### What you should do
From the first line to the last, repeat the data exactly but leave out the pictures.

Image-backed grounding data
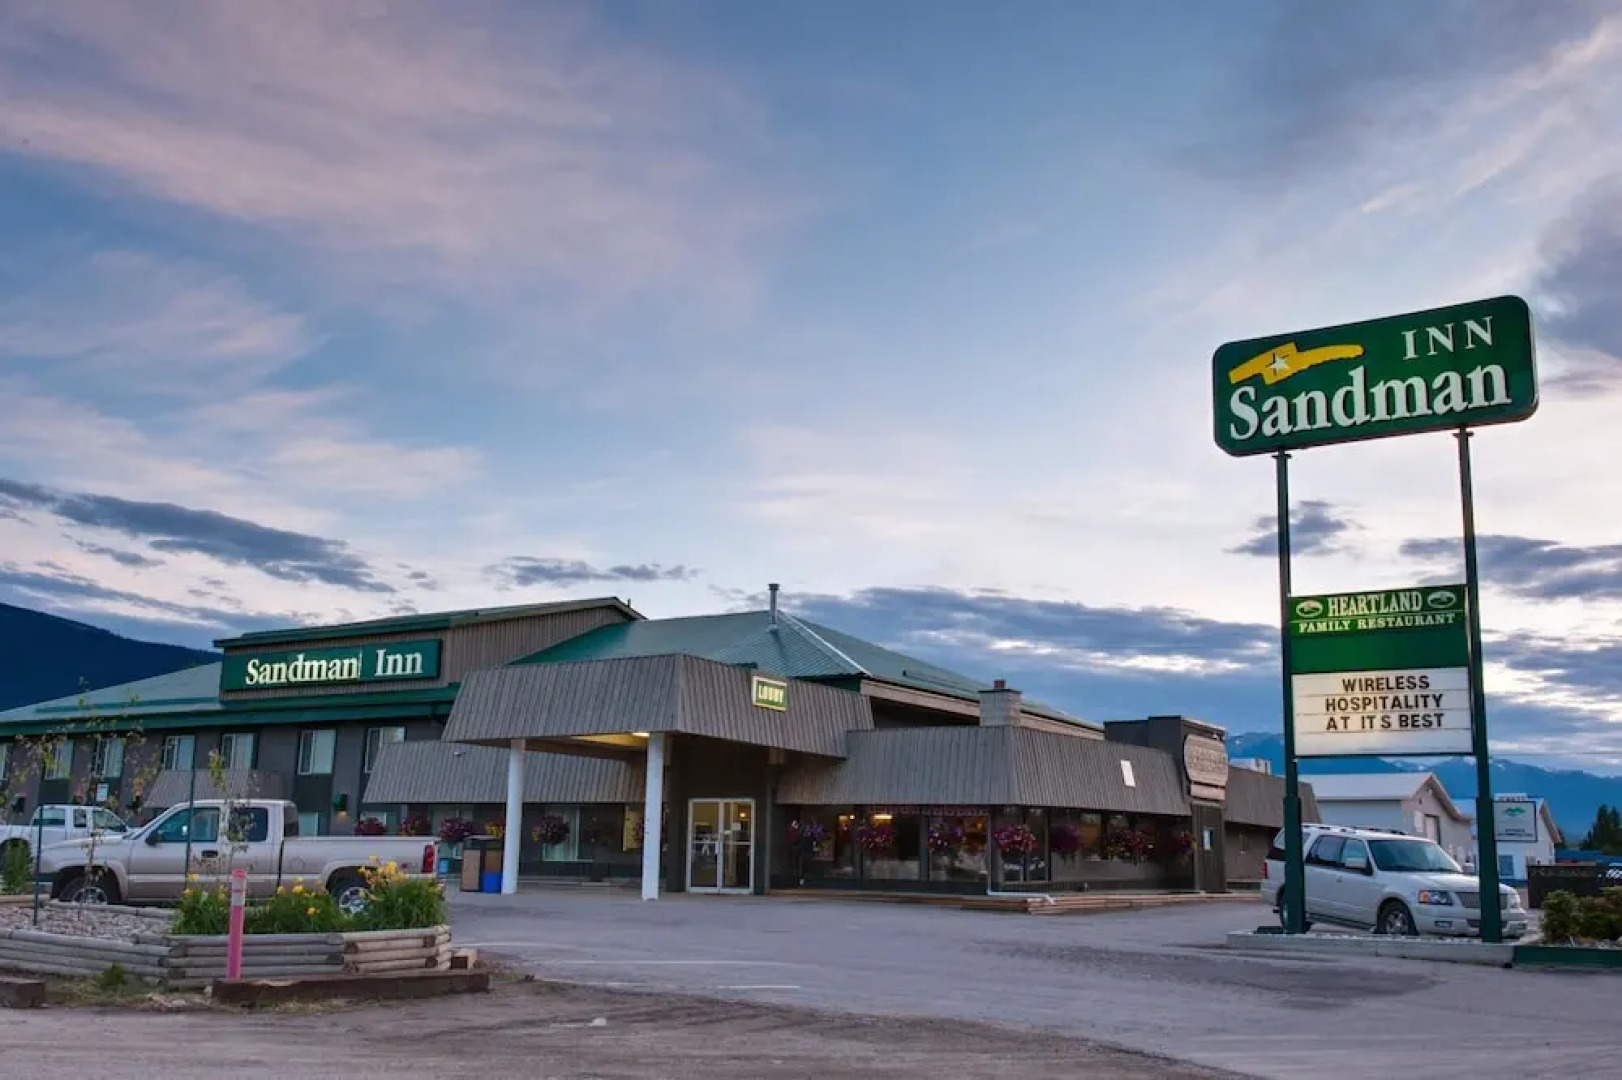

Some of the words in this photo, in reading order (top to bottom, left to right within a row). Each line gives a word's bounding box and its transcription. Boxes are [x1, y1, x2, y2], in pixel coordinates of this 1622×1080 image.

[1401, 316, 1494, 361] INN
[1230, 363, 1512, 441] Sandman
[1328, 591, 1423, 617] HEARTLAND
[1299, 620, 1351, 633] FAMILY
[1357, 612, 1456, 629] RESTAURANT
[245, 653, 358, 685] Sandman
[374, 648, 423, 677] Inn
[1342, 675, 1430, 692] WIRELESS
[1325, 693, 1443, 712] HOSPITALITY
[1326, 716, 1350, 731] AT
[1398, 713, 1444, 729] BEST
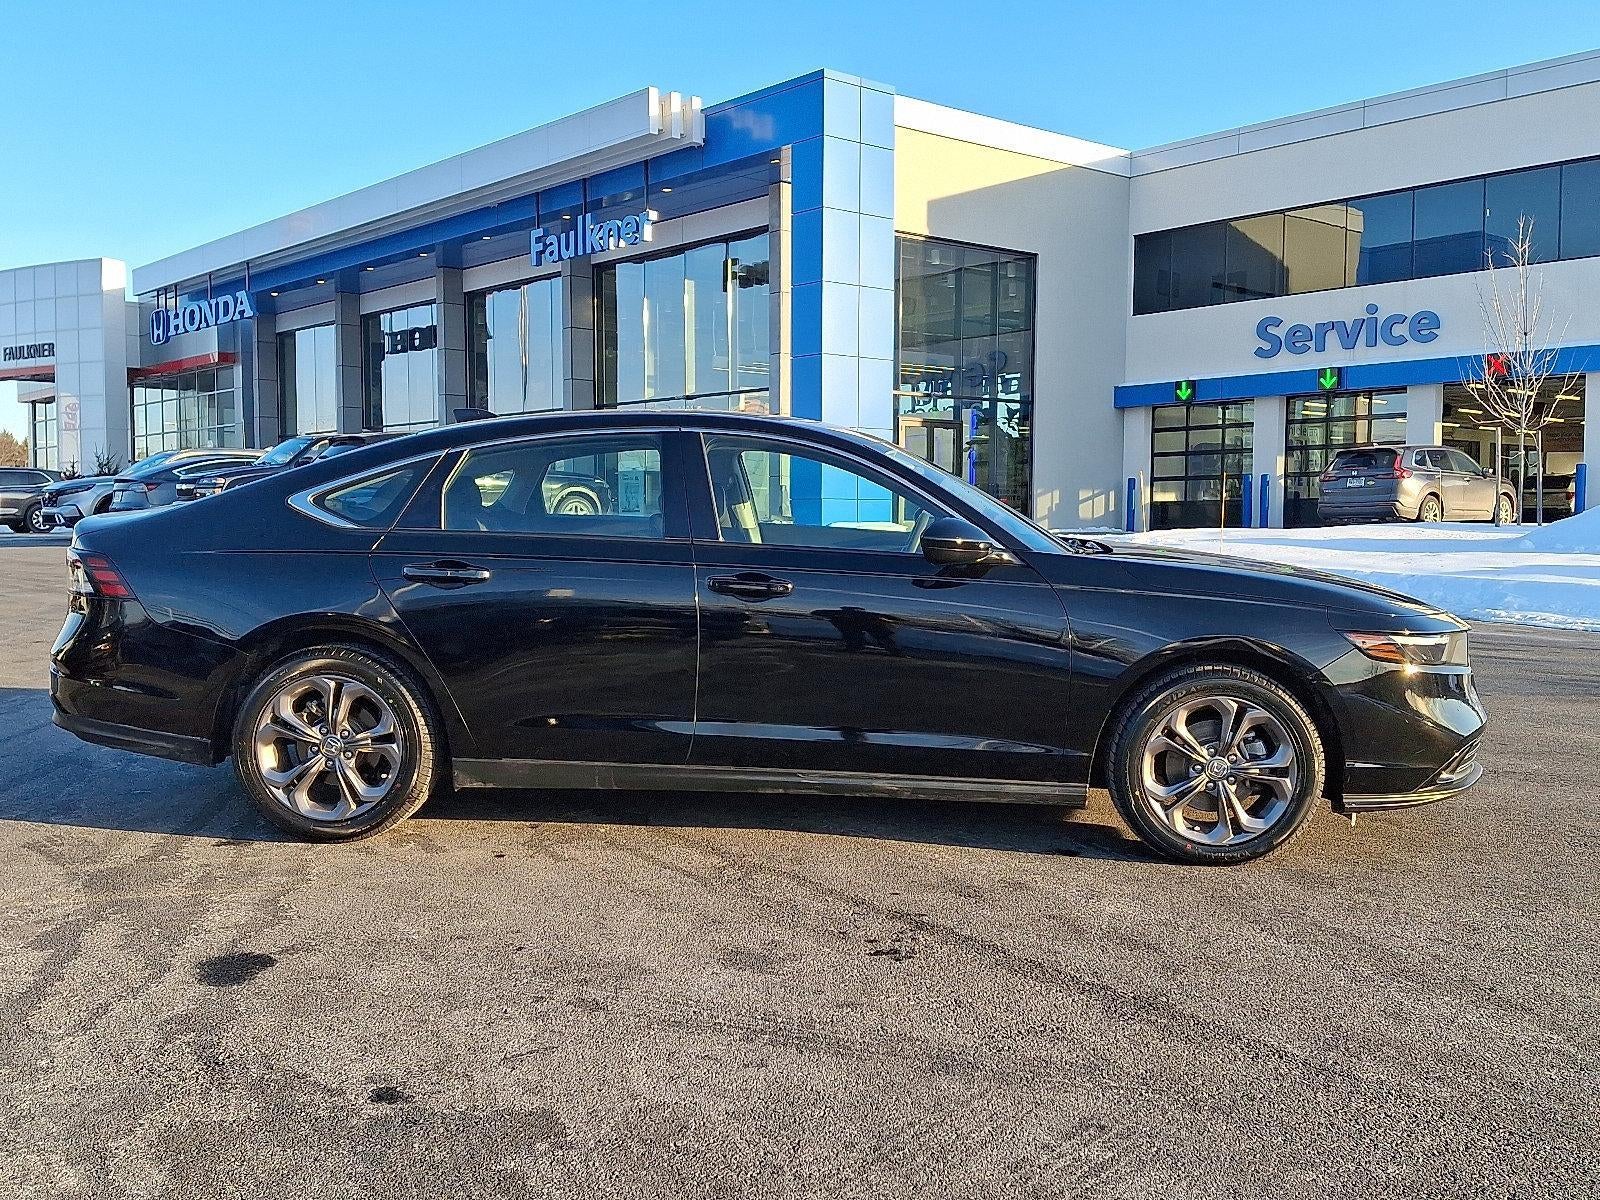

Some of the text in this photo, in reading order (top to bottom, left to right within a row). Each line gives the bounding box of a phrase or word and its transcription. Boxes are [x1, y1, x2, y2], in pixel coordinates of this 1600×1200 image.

[530, 209, 656, 267] Faulkner
[168, 290, 256, 336] HONDA
[1253, 303, 1441, 359] Service
[3, 342, 55, 361] FAULKNER
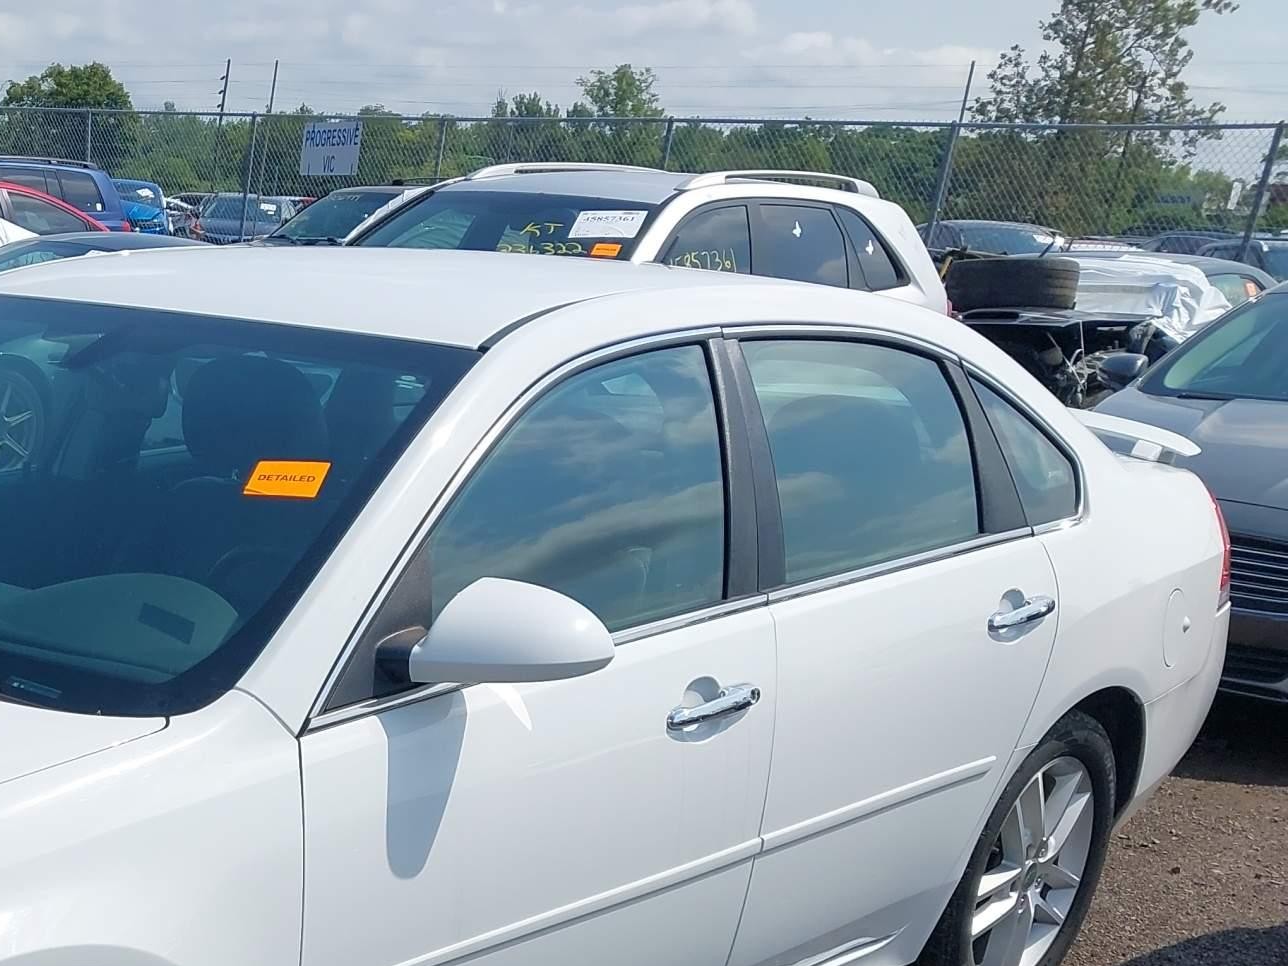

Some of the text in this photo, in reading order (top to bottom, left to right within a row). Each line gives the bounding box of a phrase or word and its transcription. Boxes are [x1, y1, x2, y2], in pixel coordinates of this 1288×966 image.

### Response for this exercise
Some of the words in this photo, in reading order (top to bottom, left to right within a row). Each line gives a word's bounding box and its transcription. Boxes are [x1, y1, x2, y2], in pixel coordinates of this 1622×1080 image.

[1401, 316, 1494, 361] INN
[1230, 363, 1512, 441] Sandman
[1328, 591, 1423, 617] HEARTLAND
[1299, 620, 1351, 633] FAMILY
[1357, 612, 1456, 629] RESTAURANT
[245, 653, 358, 685] Sandman
[374, 648, 423, 677] Inn
[1342, 675, 1430, 692] WIRELESS
[1325, 693, 1443, 712] HOSPITALITY
[1326, 716, 1350, 731] AT
[1398, 713, 1444, 729] BEST

Some of the text in this photo, in reading order (top to bottom, left to right within a row). Each line gives the bounding box of a phrase or word and its transcription. Boxes are [x1, y1, x2, y2], in pixel coordinates of this 1600×1200 image.

[530, 209, 656, 267] Faulkner
[168, 290, 256, 336] HONDA
[1253, 303, 1441, 359] Service
[3, 342, 55, 361] FAULKNER

Some of the text in this photo, in reading order (top to bottom, left to right within a row). Each line gives the bounding box of a phrase or word and its transcription. Boxes are [x1, y1, x2, y2], in pixel coordinates of this 1288×966 image.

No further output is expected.